The two-stroke engine of the Maicoletta used an unusual starter that rocked the crankshaft back and forth before firing instead of rotating it.

History
The Maicoletta was introduced in 1955. It used components based on those used in Maico's conventional motorcycles, including the engine, transmission, and front forks. It was built to compete in the German scooter market of the 1950s.  Maico had earlier introduced an enclosed motorcycle with superior weather protection for the rider, the Maico Mobil, that was marketed as a "two-wheeled car" with interchangeable wheels and a spare wheel mounted  into the barrel shaped bodywork behind the number plate and rear lamp. The Maicoletta used the fourteen-inch wheels, gear ratio indicator, and headlights from the Mobil.

When the Maicoletta was first exported to the United Kingdom, it was one of the heaviest and most expensive scooters sold there. Though known as the “dustbin” amongst British scooterists with Italianate tastes, it gained a reputation in the U.K. as a high-quality, heavy, powerful, scooter capable of being ridden in comfort over long distances.   The brakes were noted at the time by Motor Cycling and Scooter Weekly for being powerful and progressive in that the braking force increased with increased effort against the braking controls. The optional 277 cc engine was considered particularly useful with a sidecar combination, as was the steering damper.
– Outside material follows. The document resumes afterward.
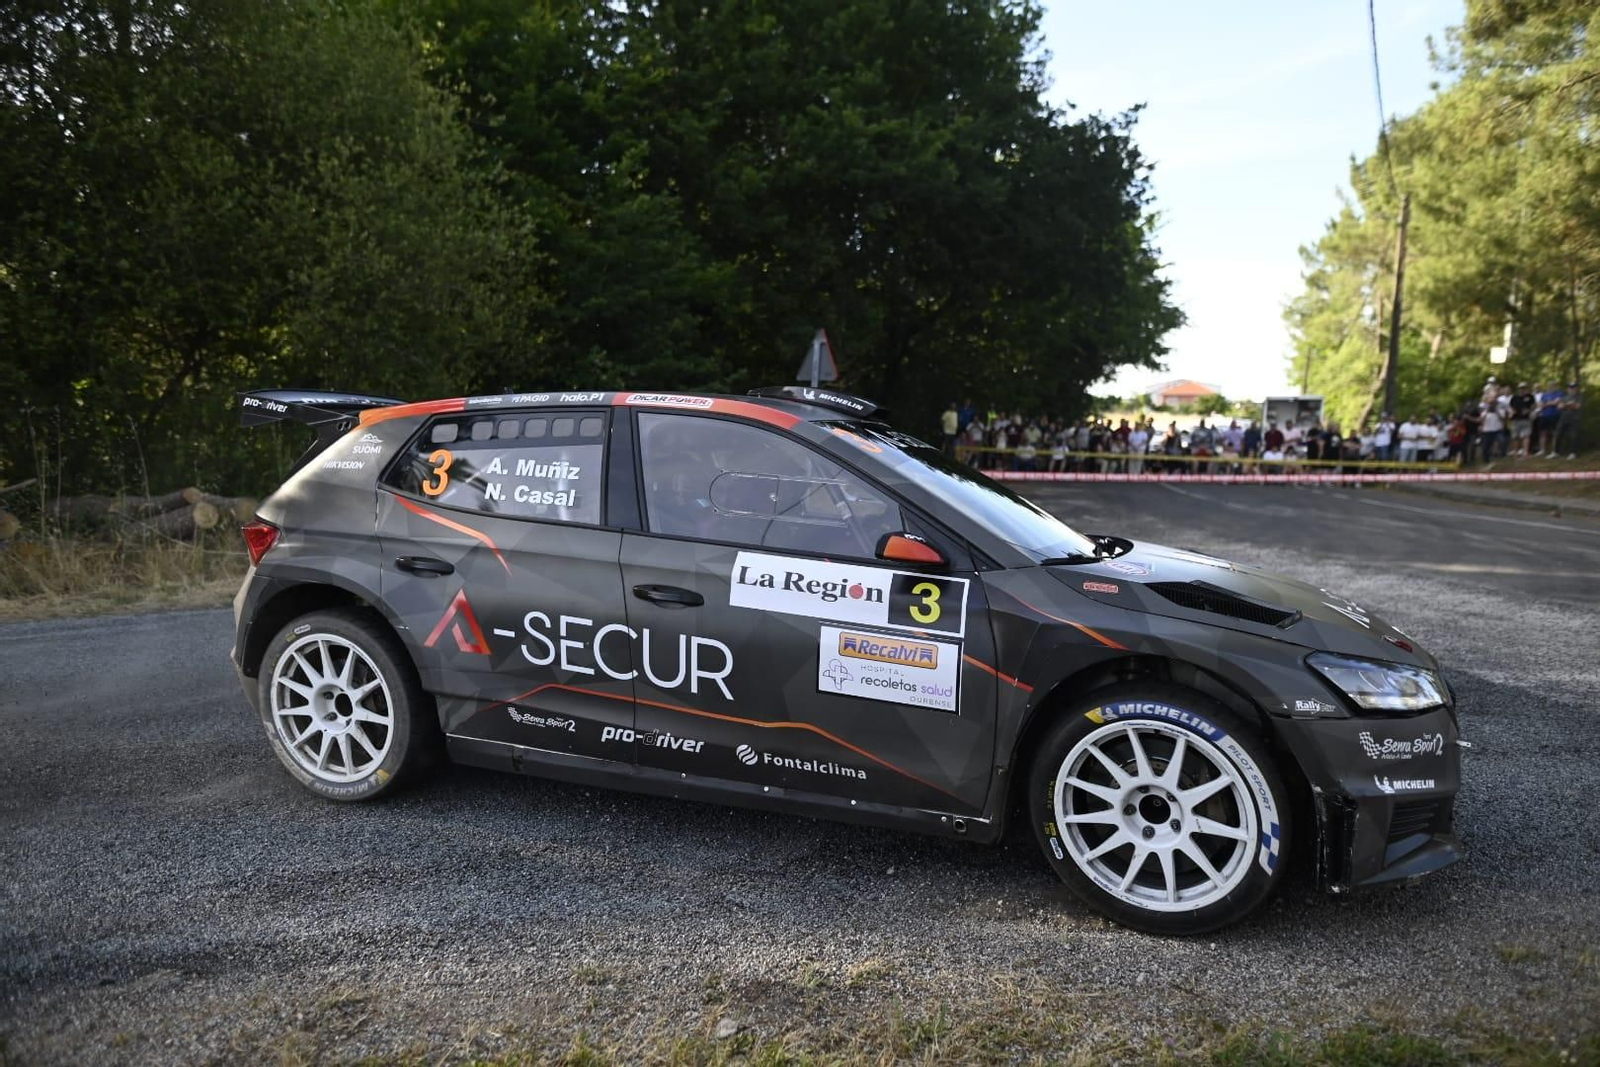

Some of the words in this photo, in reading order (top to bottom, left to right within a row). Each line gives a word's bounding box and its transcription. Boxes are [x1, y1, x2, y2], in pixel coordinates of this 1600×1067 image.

Maico stopped offering the 174 cc and 277 cc engine options in 1962 and ended production of the Maicoletta in 1966. Demand for Maicolettas in the U.K. was such that the importer used its inventory of spare parts to build new Maicolettas to special order until late 1967.

Specifications

Frame and suspension
The Maicoletta had a tubular steel frame with pressed steel body panels.  Front suspension was with a telescopic fork with coil springs, hydraulic damping, and a steering damper.  Rear suspension was with a swingarm with dual coil springs and twin hydraulic dampers.  The wheels were 14 inches in diameter and had a width between 3.25 inches and 3.5 inches.  Drum brakes were used front and rear.  The front drums were  in diameter, while the rear brake was either  or  in diameter.

Drivetrain
The Maicoletta had a fan-cooled single-cylinder piston port two-stroke engine, originally of either 174 cc or 247 cc. A 277 cc engine became available in 1957.  The transmission had four ratios and was controlled by a heel-and-toe pedal. The engine and transmission were mounted on the frame and drove the rear wheel through an enclosed drive chain.

Pendulum starter
The Maicoletta used a Bosch six volt 'pendulum' electric starter system. When activated, instead of rotating the crankshaft, the starter used the generator coils on the shaft to rock it back and forth under the control of cams on the crankshaft. These cams closed contacts in the starter to trigger a reversing switch in the control box that changed the crankshaft direction at the end of each swing. This gives the impression of the crankshaft continually bouncing back and forwards against compression, when operated. A separate set of ignition points fired the spark plug in the forward direction only, and when this fires the mixture in the cylinder the engine starts to rotate normally, the starter is released and the normal ignition system takes over. This system was possible due to the piston port induction system of the two-stroke engine.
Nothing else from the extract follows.